Lors de son passage à la télévision du 24 septembre 2023, le président de la République a pris soin de préciser que les Français étaient « attachés à la bagnole » et même qu’il l’« adore ». Il rejoint ainsi le président Georges Pompidou lorsqu’il évoquait l’autoroute en 1970 :
« Elle a donné à l’homme la possibilité d’échapper aux transports en commun, de partir quand il le veut, et où il le veut. Elle lui a permis de retrouver la géographie de son pays et son histoire. »

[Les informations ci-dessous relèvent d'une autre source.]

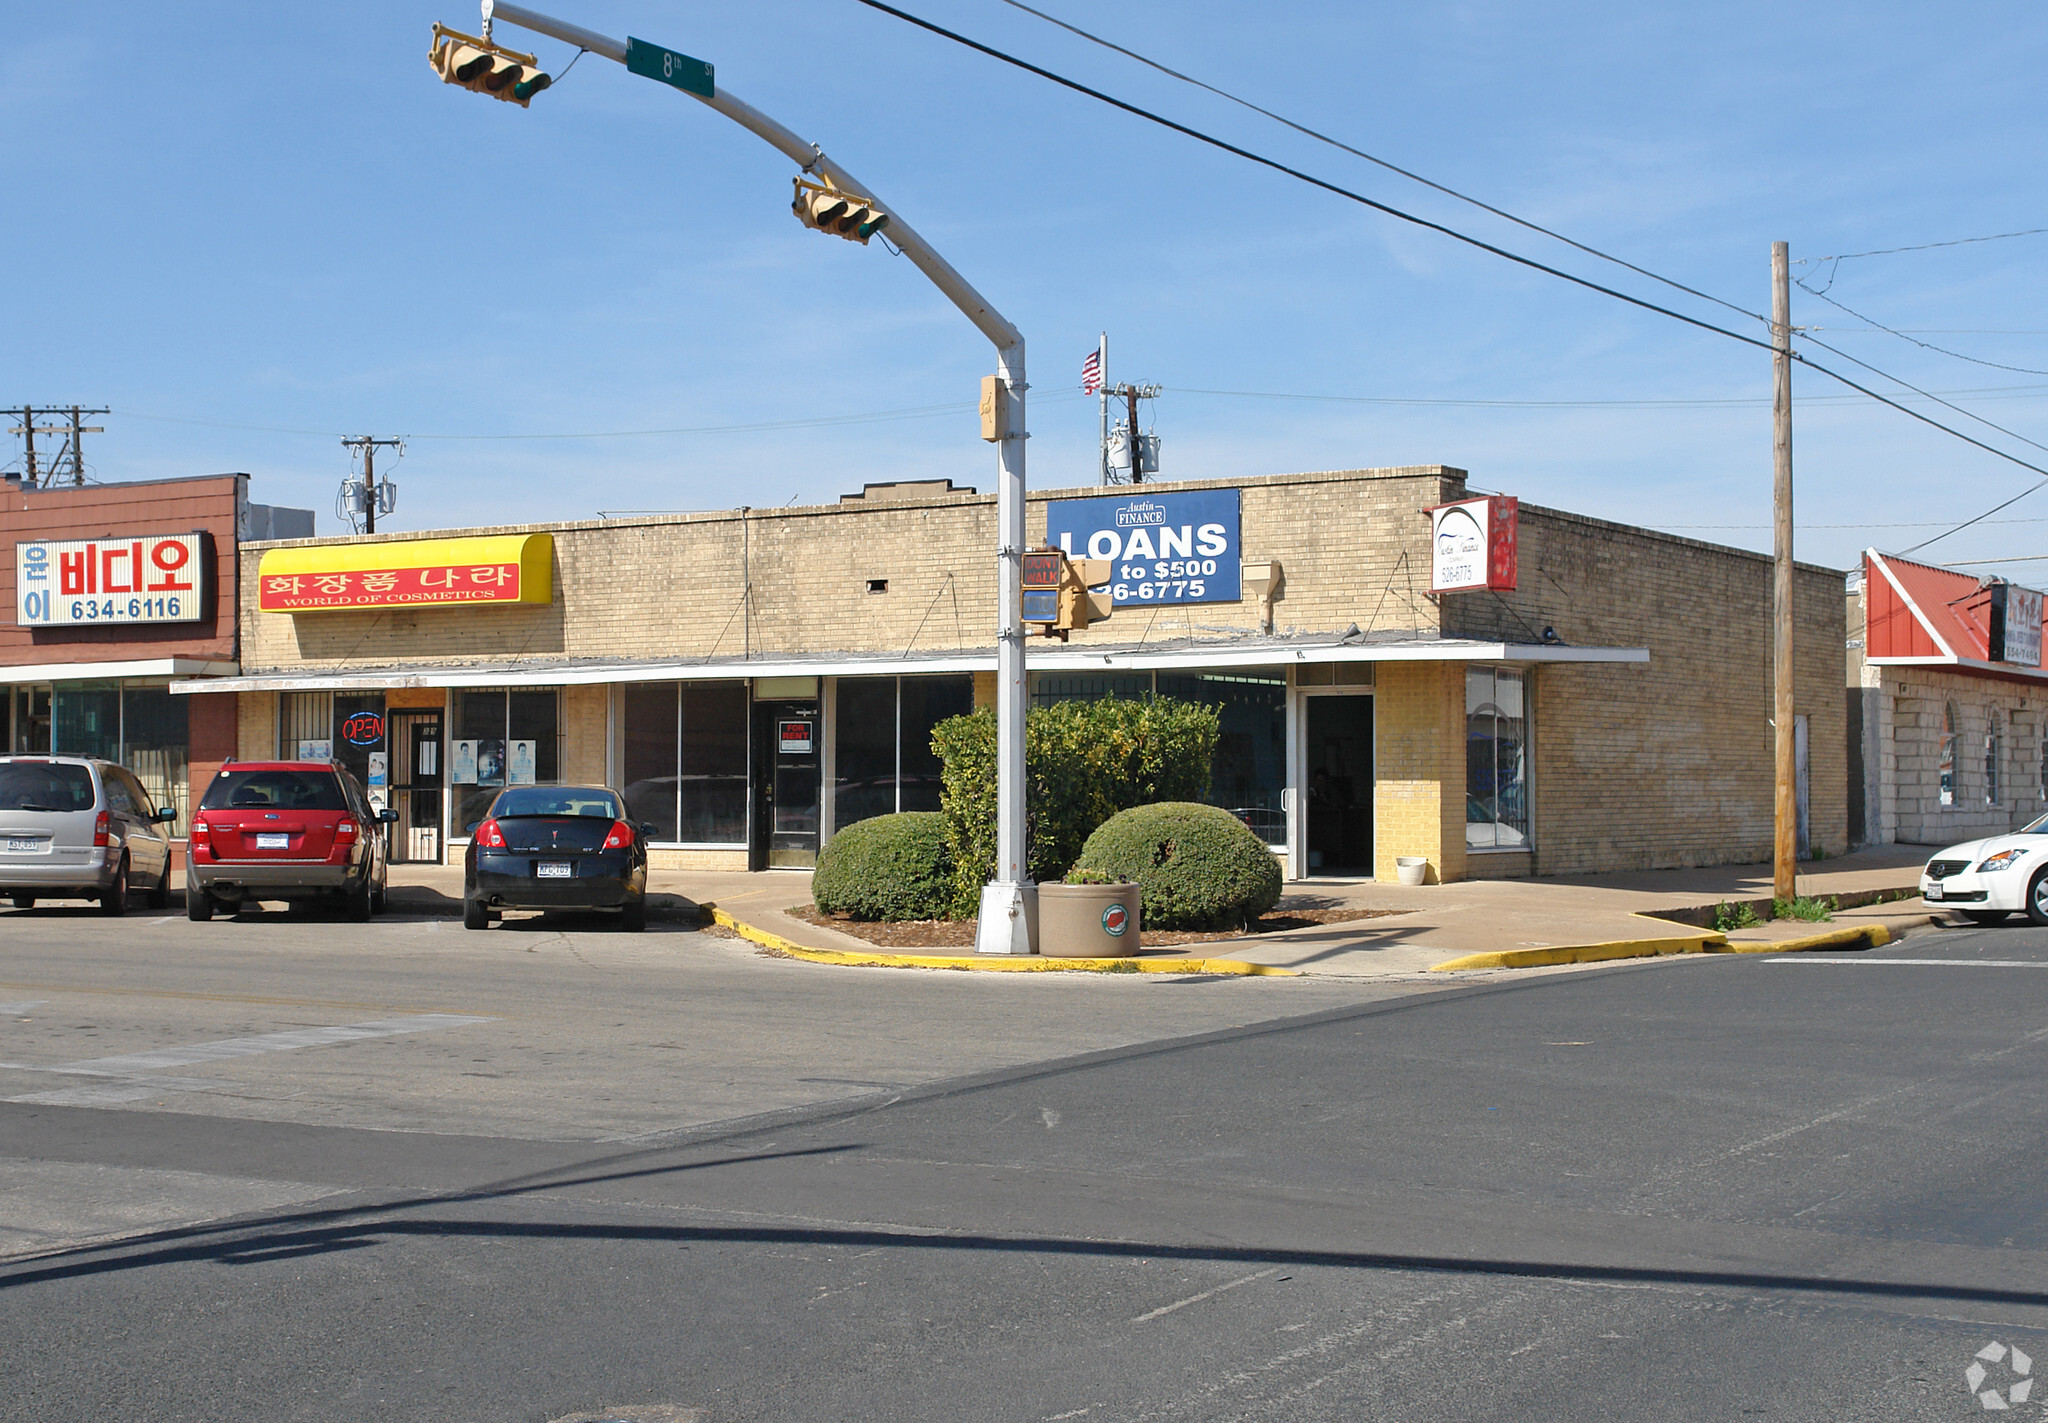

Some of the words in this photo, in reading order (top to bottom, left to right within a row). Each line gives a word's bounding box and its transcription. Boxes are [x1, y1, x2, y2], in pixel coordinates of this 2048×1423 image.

[626, 37, 634, 51] N
[663, 52, 682, 78] 8th
[1127, 501, 1154, 513] Austin
[1119, 511, 1163, 525] FINANCE
[1060, 523, 1228, 561] LOANS
[60, 540, 193, 596] 비디오
[1026, 571, 1058, 584] WALK
[1120, 563, 1146, 580] to
[1154, 559, 1217, 580] $500
[266, 571, 399, 596] 화장품
[420, 566, 512, 588] 나라
[283, 596, 352, 607] WORLD
[356, 594, 382, 604] OF
[386, 590, 495, 603] COSMETICS
[1025, 596, 1056, 613] WALK
[71, 597, 181, 620] 634-6116
[342, 717, 386, 740] OPEN
[782, 731, 809, 740] RENT
[786, 724, 805, 732] FOR
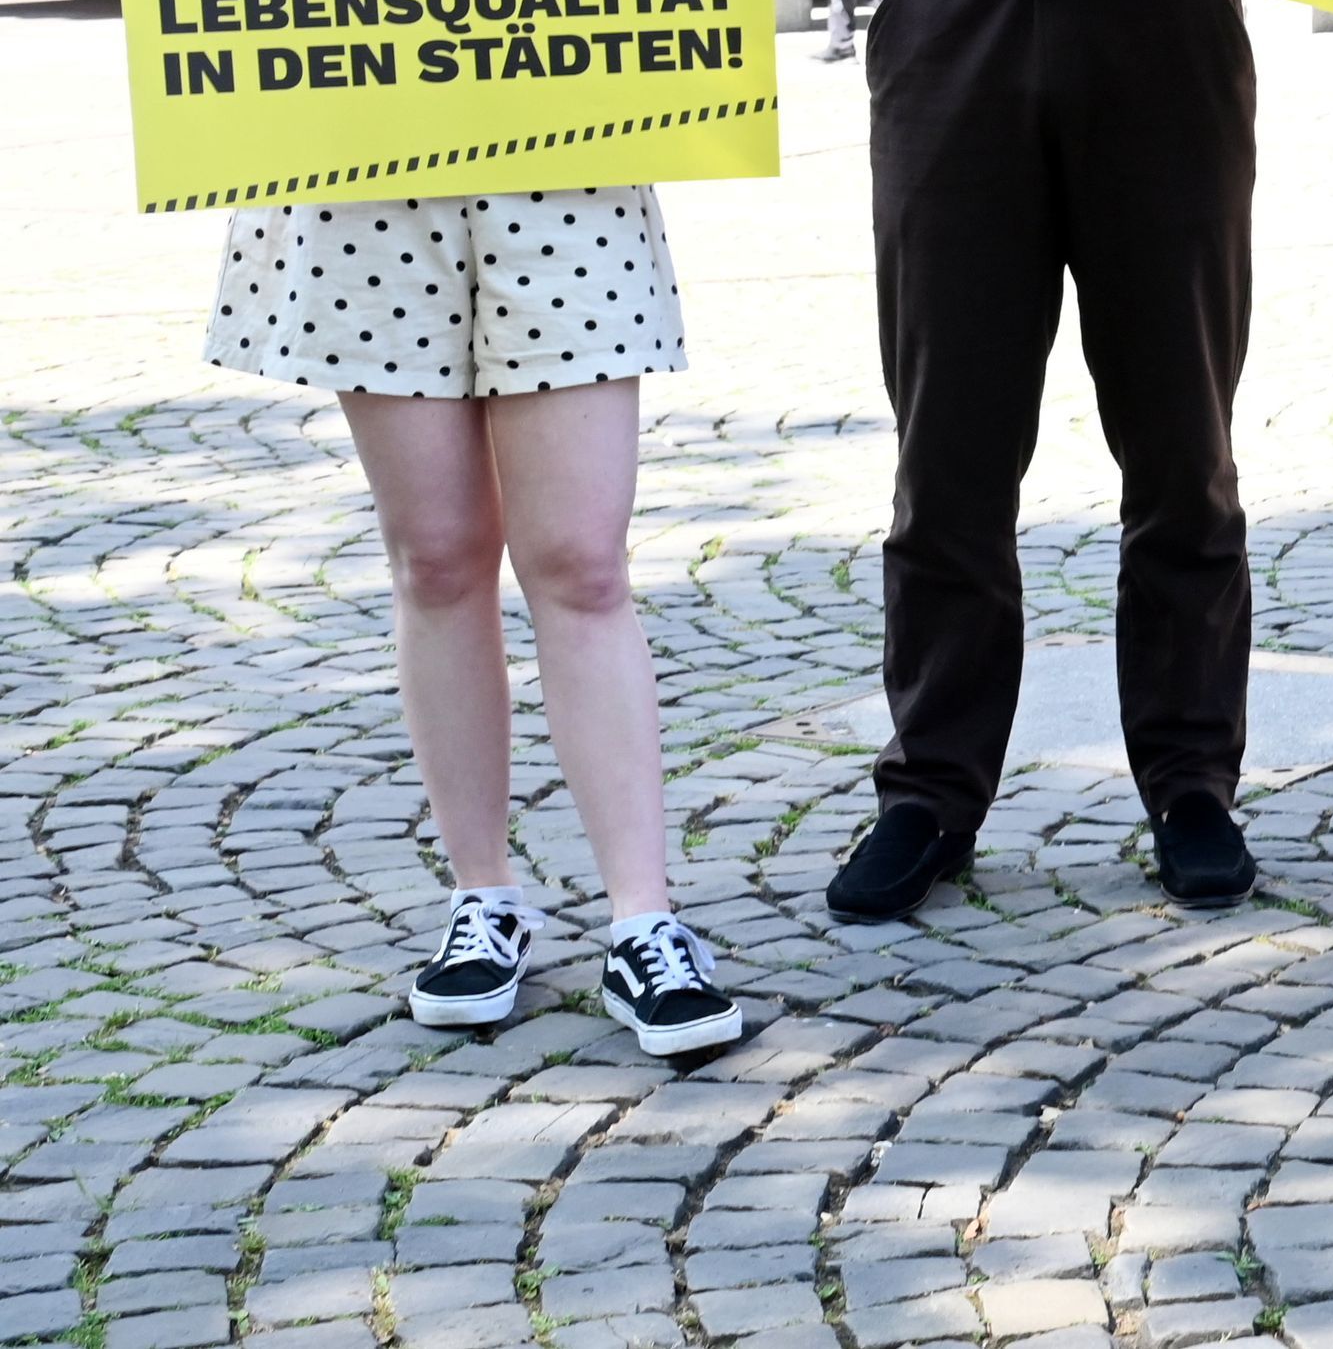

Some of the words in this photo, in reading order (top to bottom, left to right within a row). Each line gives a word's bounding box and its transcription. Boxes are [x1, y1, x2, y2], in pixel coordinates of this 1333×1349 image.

[163, 50, 235, 96] IN
[257, 42, 397, 91] DEN
[417, 26, 743, 83] STÄDTEN!
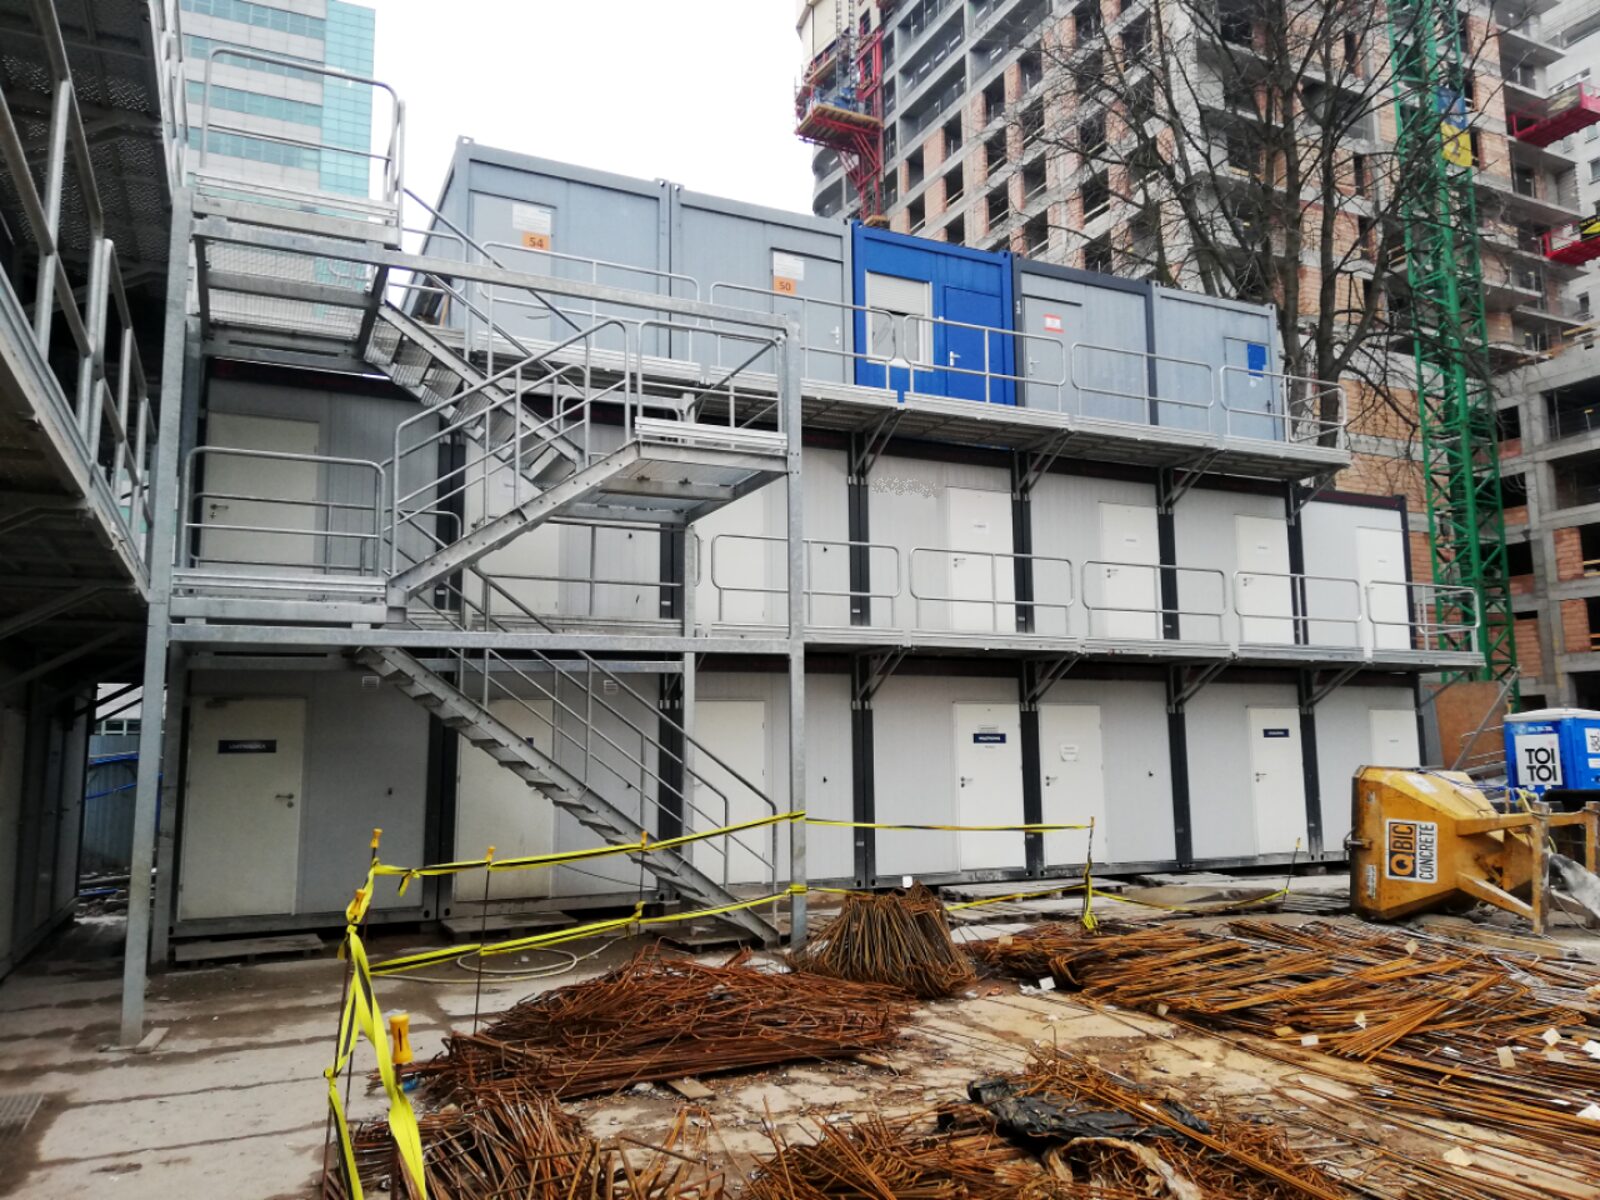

La cause semble entendue : la voiture libère le Français et l’autoroute lui permet de circuler à son aise. Pour que chacun puisse accéder aux grands axes, la Loi d’orientation pour l’aménagement et le développement du territoire de 1995 avait même affirmé un droit à l’autoroute (ou au TGV) : tout point du territoire doit se situer au maximum à 50 km ou à 45 minutes d’un échangeur autoroutier ou d’une gare TGV.
Le monde a changé depuis. L’État a abandonné des prérogatives régaliennes à des entreprises privées. Alors qu’il fabriquait de l’égalité territoriale et sociale, objet de nos récents travaux, et utilisait l’autoroute comme un outil de l’aménagement du territoire, celle-ci est désormais aux mains des financiers.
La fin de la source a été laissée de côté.